Although certain medicines should not be used together at all, in other cases two different medicines may be used together even if an interaction might occur. In these cases, your doctor may want to change the dose, or other precautions may be necessary. When you are taking this medicine, it is especially important that your healthcare professional know if you are taking any of the medicines listed below. The following interactions have been selected on the basis of their potential significance and are not necessarily all-inclusive.
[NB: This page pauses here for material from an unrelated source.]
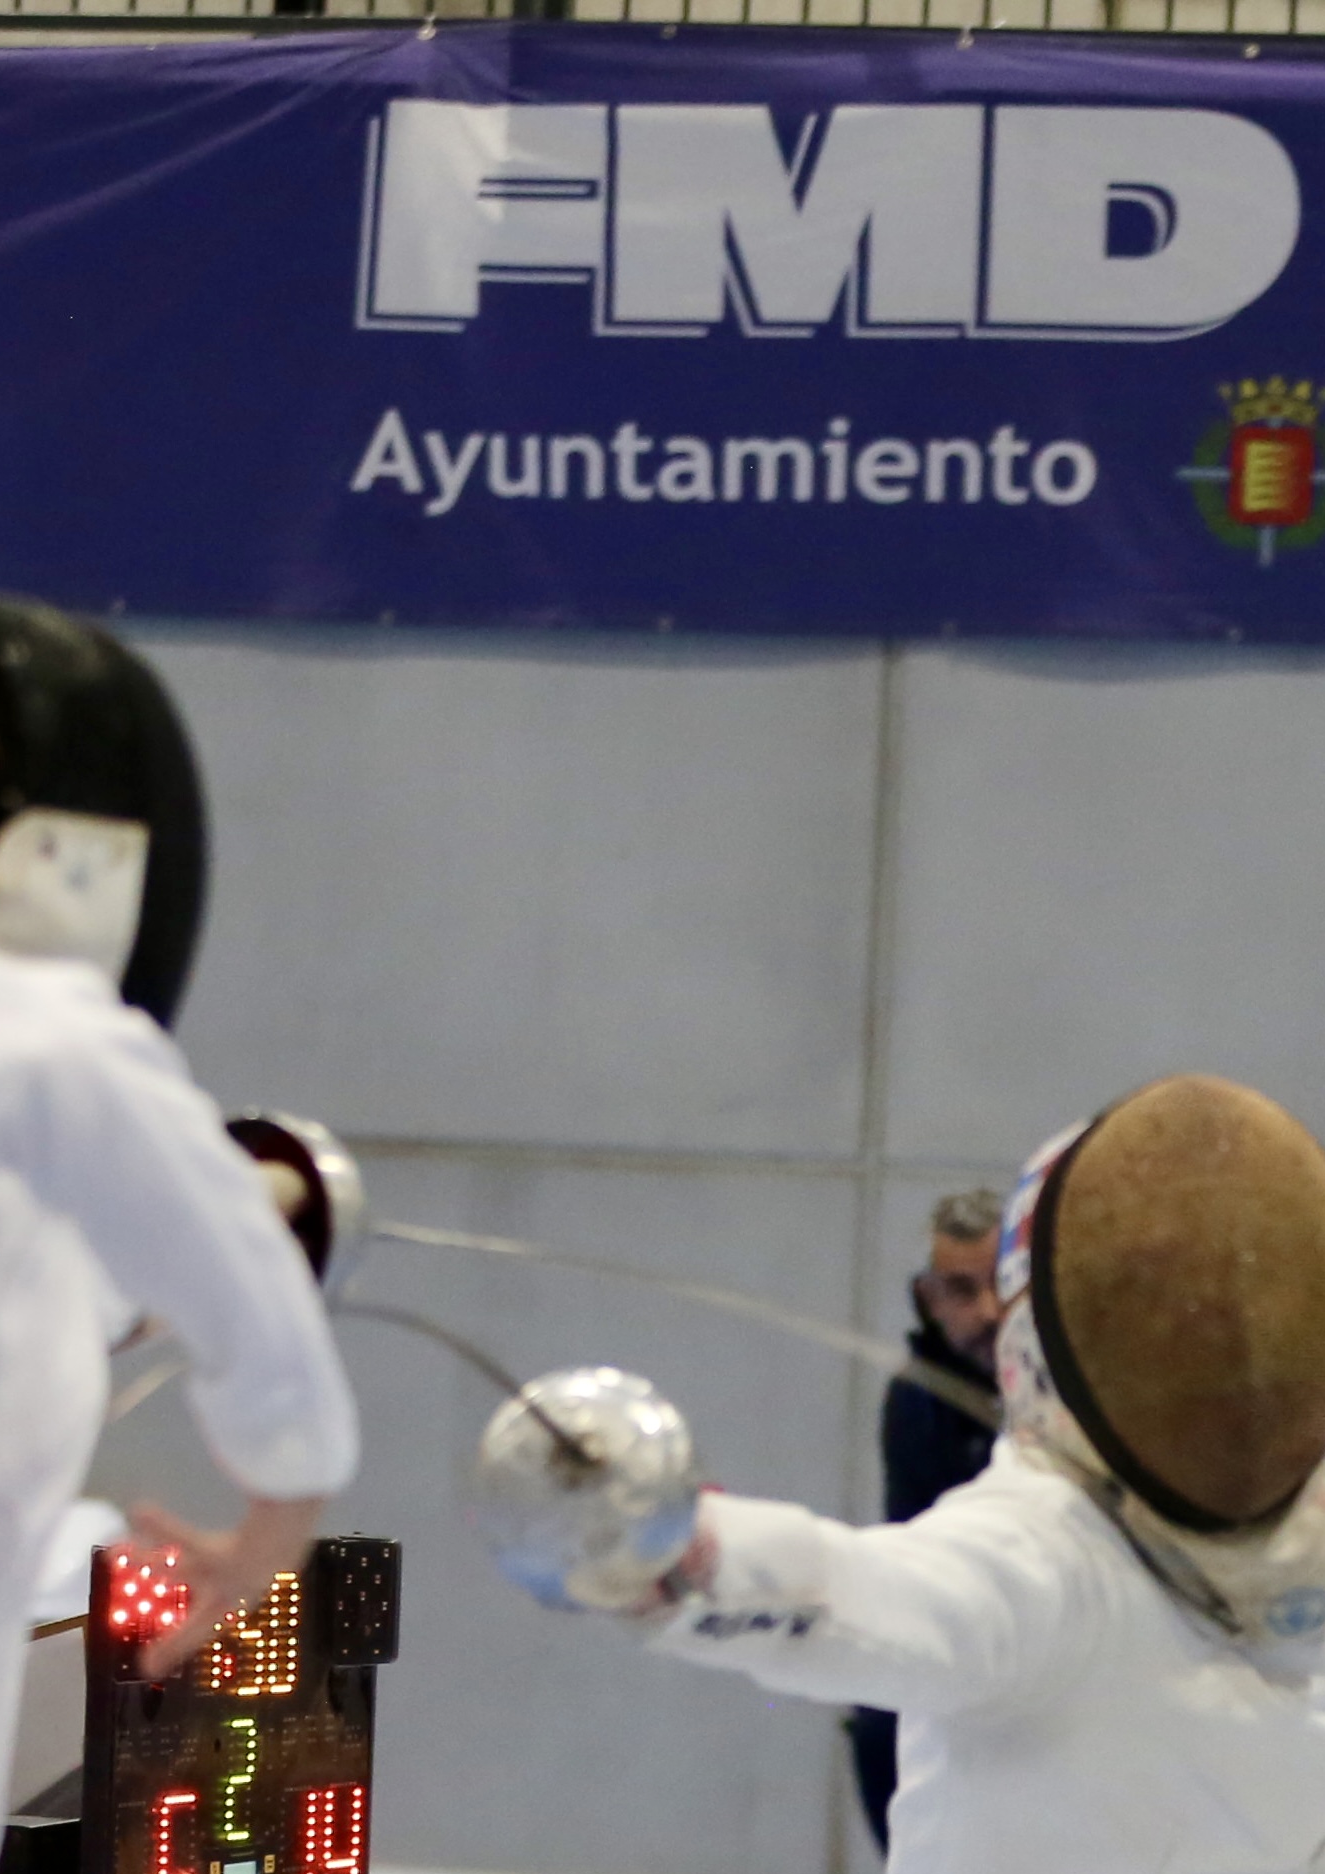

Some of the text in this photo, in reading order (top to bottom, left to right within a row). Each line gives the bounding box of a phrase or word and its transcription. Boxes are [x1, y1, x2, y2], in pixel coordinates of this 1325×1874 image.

Using this medicine with any of the following medicines is usually not recommended, but may be required in some cases. If both medicines are prescribed together, your doctor may change the dose or how often you use one or both of the medicines.
- Chloral Hydrate
- Eslicarbazepine Acetate
- Morphine Sulfate Liposome
- Sodium Oxybate
Certain medicines should not be used at or around the time of eating food or eating certain types of food since interactions may occur. Using alcohol or tobacco with certain medicines may also cause interactions to occur. The following interactions have been selected on the basis of their potential significance and are not necessarily all-inclusive.
Other Medical ProblemsTOP
The presence of other medical problems may affect the use of this medicine. Make sure you tell your doctor if you have any other medical problems, especially:
- Alcohol abuse (or history of) or
- Drug abuse or dependence (or history of)—Dependence on meprobamate may develop
- Epilepsy—The risk of seizures may be increased
- Kidney disease or
- Liver disease—Higher blood levels of meprobamate may occur, increasing the chance of side effects
- Porphyria—Meprobamate may make the condition worse
If you will be taking this medicine regularly for a long time:
- Your doctor should check your progress at regular visits.
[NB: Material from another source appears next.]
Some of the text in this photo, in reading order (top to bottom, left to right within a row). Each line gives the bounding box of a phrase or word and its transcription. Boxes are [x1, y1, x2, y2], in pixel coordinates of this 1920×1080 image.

- Check with your doctor at least every 4 months to make sure you need to continue taking this medicine.
If you will be taking this medicine in large doses or for a long time, do not stop taking it without first checking with your doctor. Your doctor may want you to reduce gradually the amount you are taking before stopping completely.
This medicine will add to the effects of alcohol and other CNS depressants (medicines that slow down the nervous system, possibly causing drowsiness). Some examples of CNS depressants are antihistamines or medicine for hay fever, other allergies, or colds; sedatives, tranquilizers, or sleeping medicine; prescription pain medicine or narcotics; barbiturates; medicine for seizures; muscle relaxants; or anesthetics, including some dental anesthetics. Check with your doctor before taking any of the above while you are taking this medicine.
Before you have any medical tests, tell the medical doctor in charge that you are taking this medicine. The results of some tests, such as the metyrapone test and the phentolamine test, may be affected by this medicine.
If you think you or someone else may have taken an overdose of this medicine, get emergency help at once. Taking an overdose of meprobamate or taking alcohol or other CNS depressants with meprobamate may lead to unconsciousness and possibly death. Some signs of an overdose are severe confusion, drowsiness, or weakness; shortness of breath or slow or troubled breathing; slurred speech; staggering; and slow heartbeat.
This medicine may cause some people to become dizzy, lightheaded, drowsy, or less alert than they are normally. Even if taken at bedtime, it may cause some people to feel drowsy or less alert on arising. Make sure you know how you react to this medicine before you drive, use machines, or do anything else that could be dangerous if you are dizzy or are not alert .
Meprobamate may cause dryness of the mouth. For temporary relief, use sugarless candy or gum, melt bits of ice in your mouth, or use a saliva substitute. However, if your mouth continues to feel dry for more than 2 weeks, check with your medical doctor or dentist. Continuing dryness of the mouth may increase the chance of dental disease, including tooth decay, gum disease, and fungus infections.